:: Input data ::

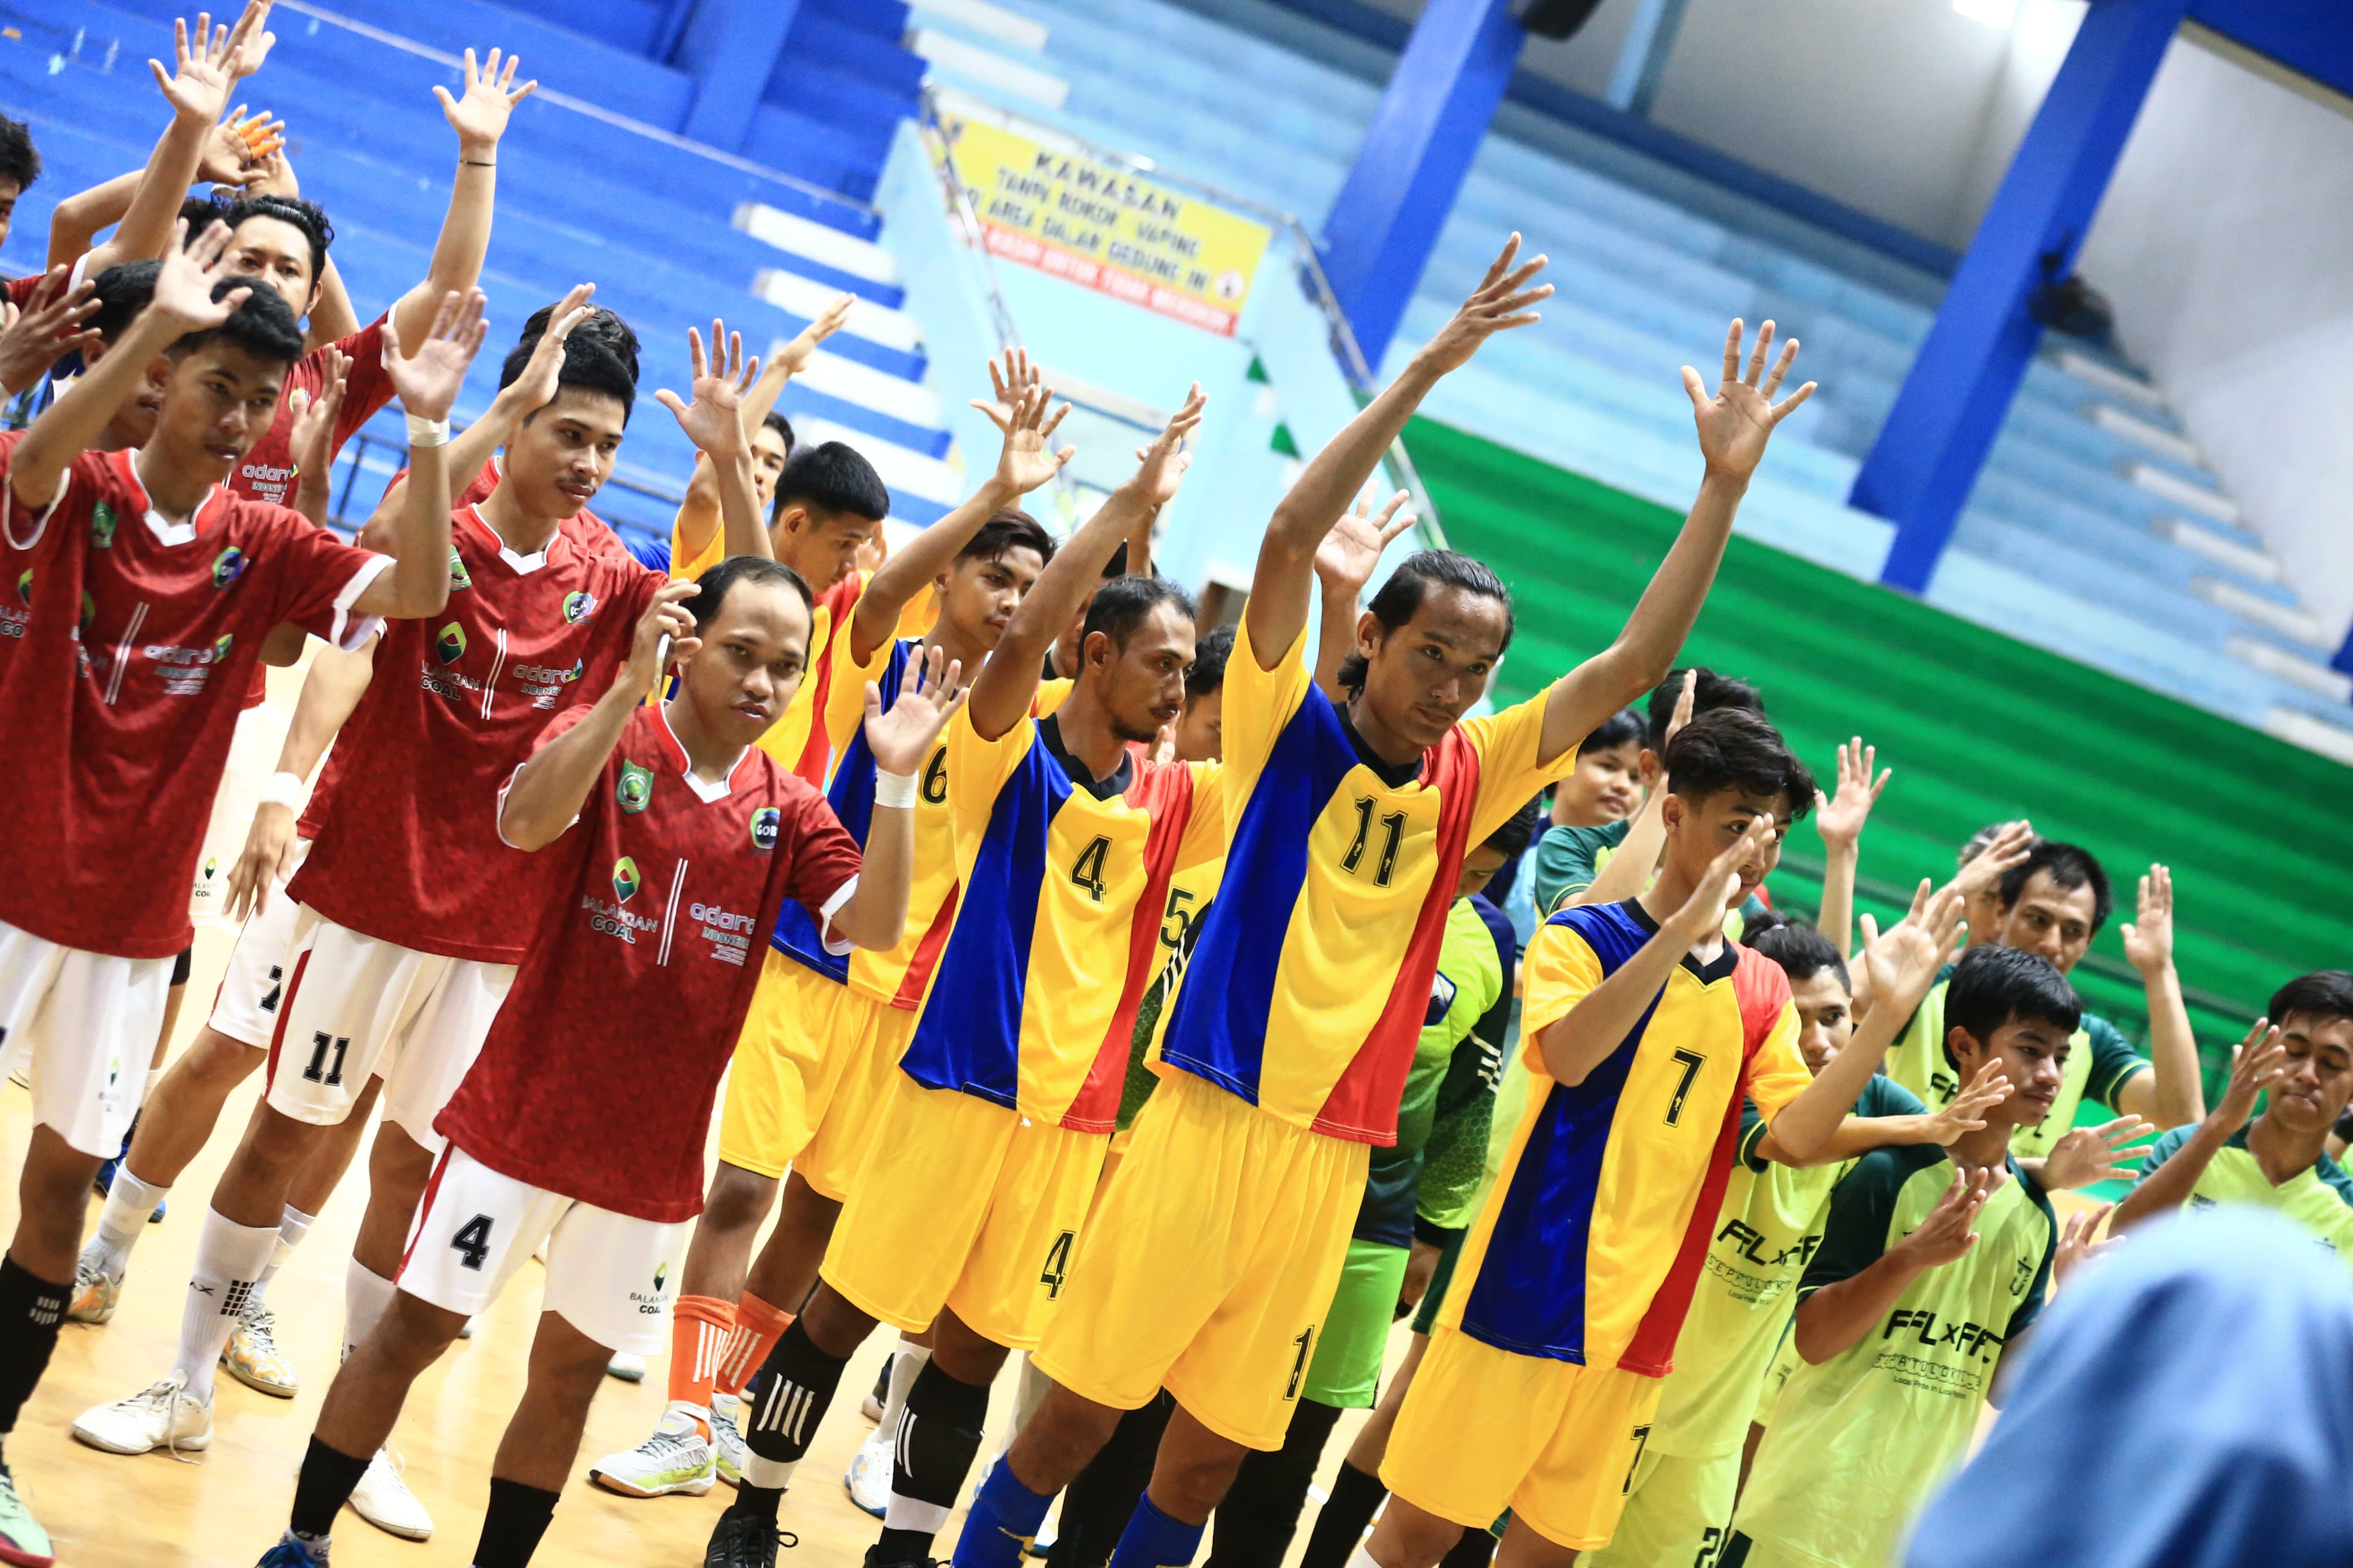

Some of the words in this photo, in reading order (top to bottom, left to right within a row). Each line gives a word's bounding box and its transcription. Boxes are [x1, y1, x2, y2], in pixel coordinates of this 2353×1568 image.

[1070, 834, 1113, 904] 4
[1339, 794, 1408, 888] 11
[591, 915, 636, 945] COAL
[303, 1030, 350, 1086] 11
[1663, 1046, 1707, 1128] 7
[450, 1213, 495, 1272] 4
[1040, 1229, 1076, 1301] 4

:::

Print all entries exactly. The images do not belong in the copy.

Some of the words in this photo, in reading order (top to bottom, left to right within a row). Each line gives a word's bounding box and its transcription. Boxes are [x1, y1, x2, y2], in pixel coordinates of this 2353×1568 image.

[1070, 834, 1113, 904] 4
[1339, 794, 1408, 888] 11
[591, 915, 636, 945] COAL
[303, 1030, 350, 1086] 11
[1663, 1046, 1707, 1128] 7
[450, 1213, 495, 1272] 4
[1040, 1229, 1076, 1301] 4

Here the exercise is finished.